Historical context: why REPAYE still matters
Even if a borrower is no longer enrolling in REPAYE as a new choice, the formula still matters for historical analysis. Many borrowers spent years in REPAYE before newer plans were introduced or before policy changes shifted available options. If you are auditing your repayment history, trying to reconcile prior tax filings with old payment notices, or comparing what you paid versus what you might have paid under another plan, a reliable calculator can be extremely helpful.
It also matters in borrower education. Understanding REPAYE teaches you the logic behind income-driven repayment generally: your payment changes because your ability to pay changes. That framework remains central to federal student loan policy even as plan names and formulas evolve.
Best practices for more accurate estimates
- Pull your actual AGI from your most recent tax return.
- Use your real weighted average loan interest rate from your servicer or Federal Student Aid account.
- Model at least two scenarios, one conservative and one optimistic.
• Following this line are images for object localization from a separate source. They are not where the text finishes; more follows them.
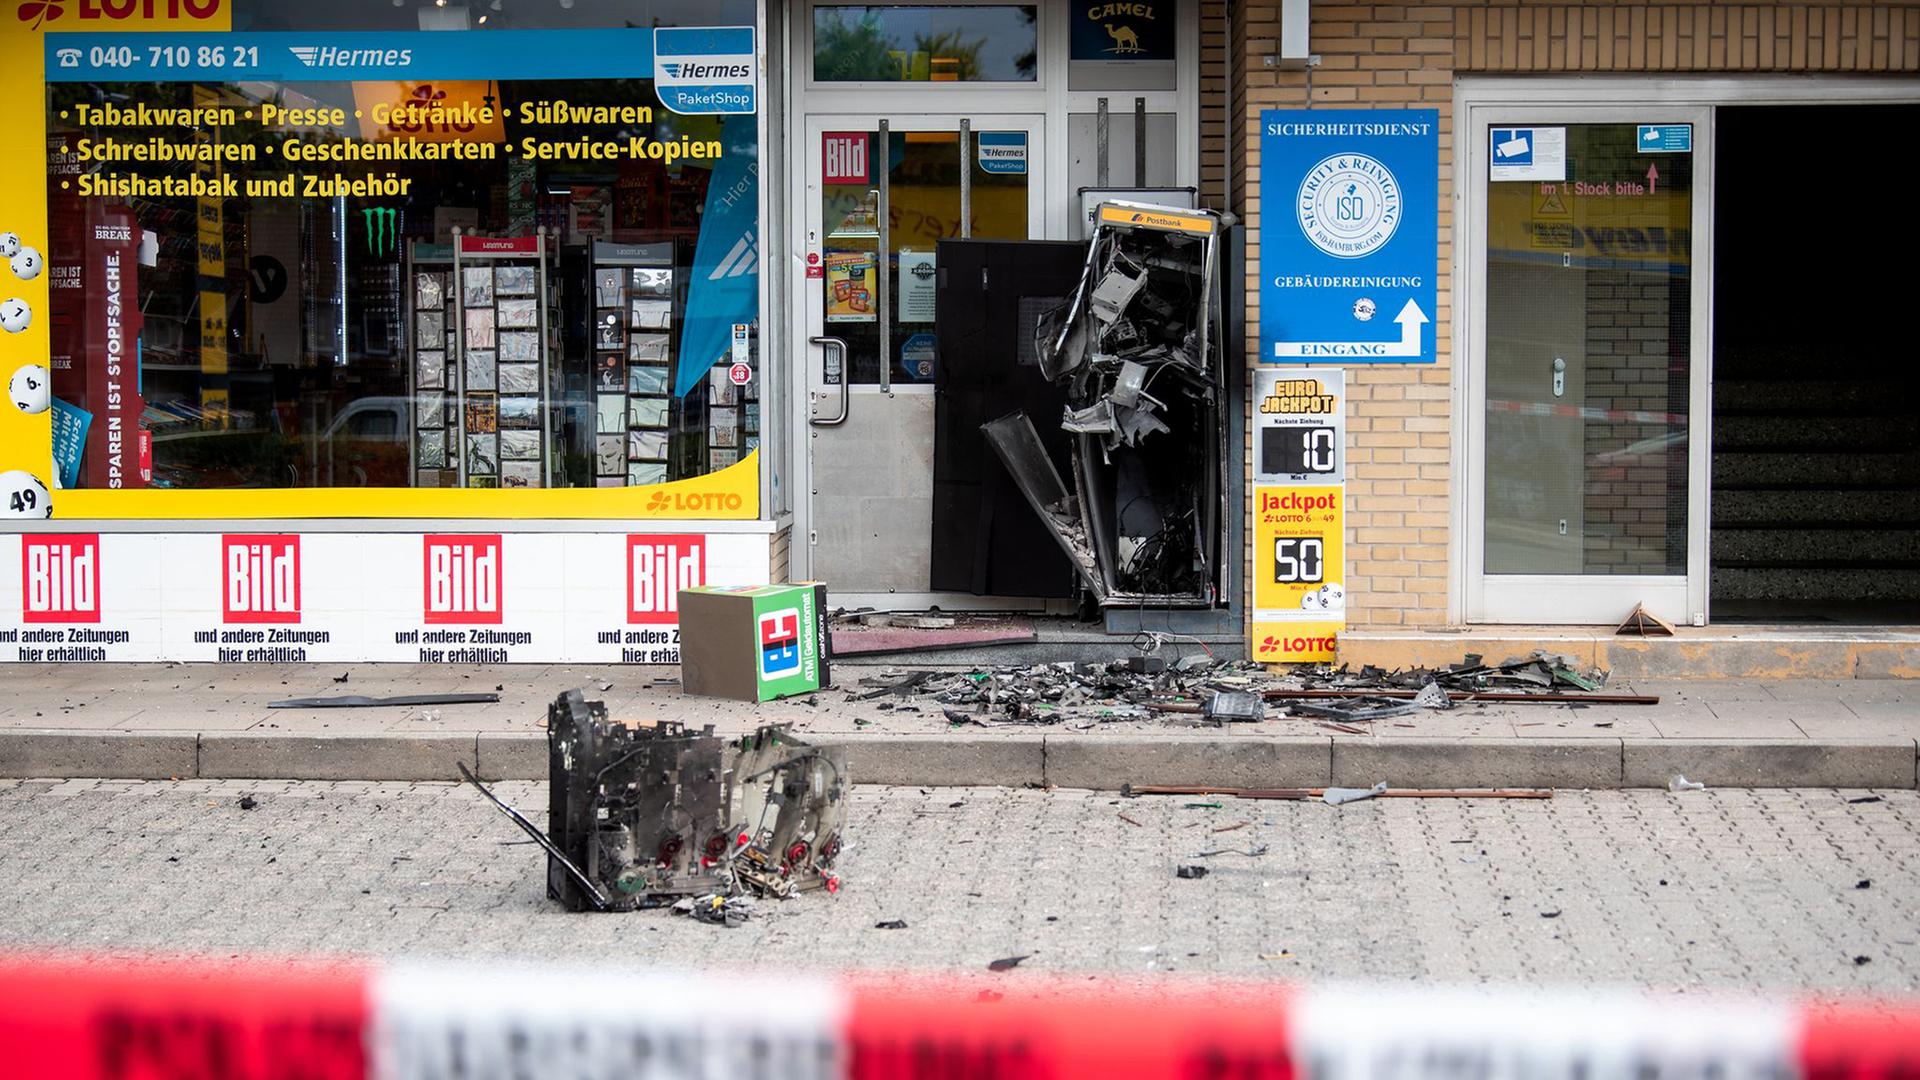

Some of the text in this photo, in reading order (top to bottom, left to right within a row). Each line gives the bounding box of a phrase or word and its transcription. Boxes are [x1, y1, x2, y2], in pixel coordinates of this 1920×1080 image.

[1088, 2, 1155, 20] CAMEL
[90, 46, 259, 67] 040- 710 86 21
[319, 46, 412, 66] Hermes
[681, 63, 750, 79] Hermes
[677, 92, 750, 106] PaketShop
[75, 100, 653, 126] Tabakwaren Presse Getränke Süßwaren
[1267, 123, 1431, 136] SICHERHEITSDIENST
[77, 137, 256, 162] Schreibwaren
[282, 137, 496, 161] Geschenkkarten
[522, 135, 722, 164] Service-Kopien
[826, 138, 865, 177] Bild
[991, 149, 1024, 157] Hermes
[988, 162, 1024, 170] PaketShop
[78, 172, 412, 198] Shishatabak und Zubehör
[722, 175, 751, 208] Hier
[1302, 158, 1396, 229] SECURITY & REINIGUNG
[1540, 182, 1556, 196] im
[1575, 182, 1610, 196] Stock
[1616, 182, 1644, 196] bitte
[1336, 196, 1364, 220] ISD
[1145, 216, 1182, 227] Postbank
[95, 230, 131, 240] BREAK
[1315, 230, 1383, 252] ISD-HAMBURG.COM
[26, 257, 33, 268] 3
[69, 266, 81, 278] IST
[1275, 274, 1422, 288] GEBÄUDEREINIGUNG
[15, 307, 23, 317] 7
[1300, 344, 1386, 355] EINGANG
[106, 250, 122, 489] SPAREN IST STOPFSACHE.
[1276, 380, 1318, 397] EURO
[1260, 395, 1334, 413] JACKPOT
[1303, 429, 1335, 471] 10
[9, 488, 37, 513] 49
[676, 493, 743, 511] LOTTO
[1262, 492, 1336, 513] Jackpot
[1275, 514, 1335, 523] LOTTO 6 49
[1275, 539, 1323, 582] 50
[28, 544, 95, 612] Bild
[228, 544, 296, 612] Bild
[429, 545, 497, 612] Bild
[633, 545, 700, 612] Bild
[0, 628, 129, 645] nd andere Zeitungen
[194, 628, 330, 645] und andere Zeitungen
[395, 629, 532, 646] und andere Zeitungen
[598, 629, 621, 644] und
[625, 629, 669, 644] andere
[1283, 637, 1336, 653] LOTTO
[19, 646, 106, 661] hier erhältlich
[218, 647, 306, 662] hier erhältlich
[419, 648, 508, 663] hier erhältlich
[622, 648, 647, 663] hier
[804, 660, 815, 682] ATM
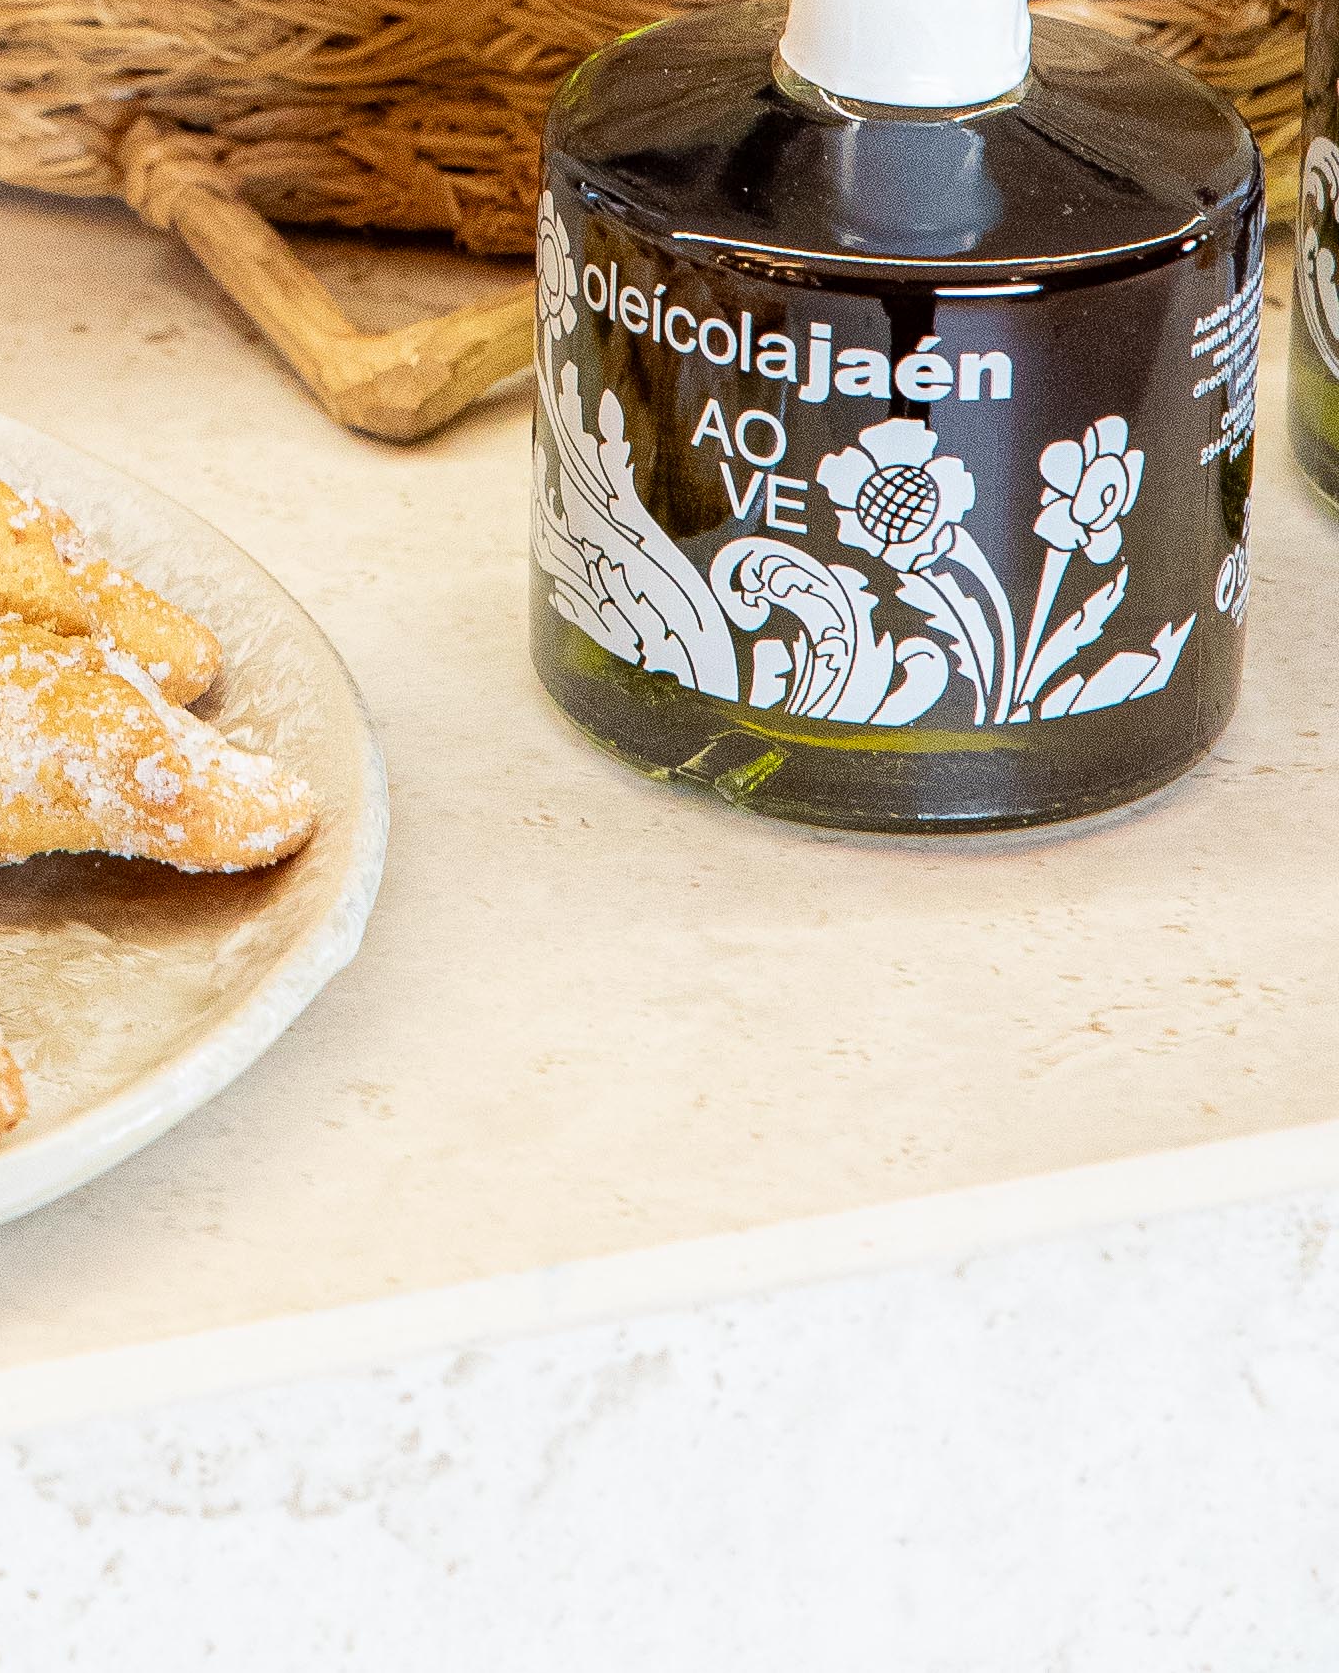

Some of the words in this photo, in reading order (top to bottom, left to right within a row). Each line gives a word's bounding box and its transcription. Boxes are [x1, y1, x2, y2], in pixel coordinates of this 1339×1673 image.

[581, 260, 1013, 404] oleícolajaén
[691, 396, 787, 468] AO
[720, 461, 810, 536] VE
- Revisit the estimate after major life changes like marriage, children, or a salary increase.
- Compare the estimate with official servicer data before making repayment decisions.
Authoritative sources for verification:
Final takeaway
A federal REPAYE calculator is most useful when you treat it as a decision-support tool rather than a final legal or servicing document. It helps you estimate what monthly payments may have looked like under the REPAYE framework, how much discretionary income was protected by federal poverty rules, how long repayment may have lasted, and whether your balance might have grown or eventually qualified for forgiveness.
For borrowers with complex student loan profiles, especially those with graduate debt or variable income, these projections can be powerful. They can guide budgeting, repayment strategy, tax planning, and even career choices. The most important thing is to use good data, understand the assumptions, and compare the estimate with official federal resources. When used that way, a premium federal REPAYE calculator becomes far more than a simple payment widget. It becomes a financial planning lens for one of the most important debt categories many households carry.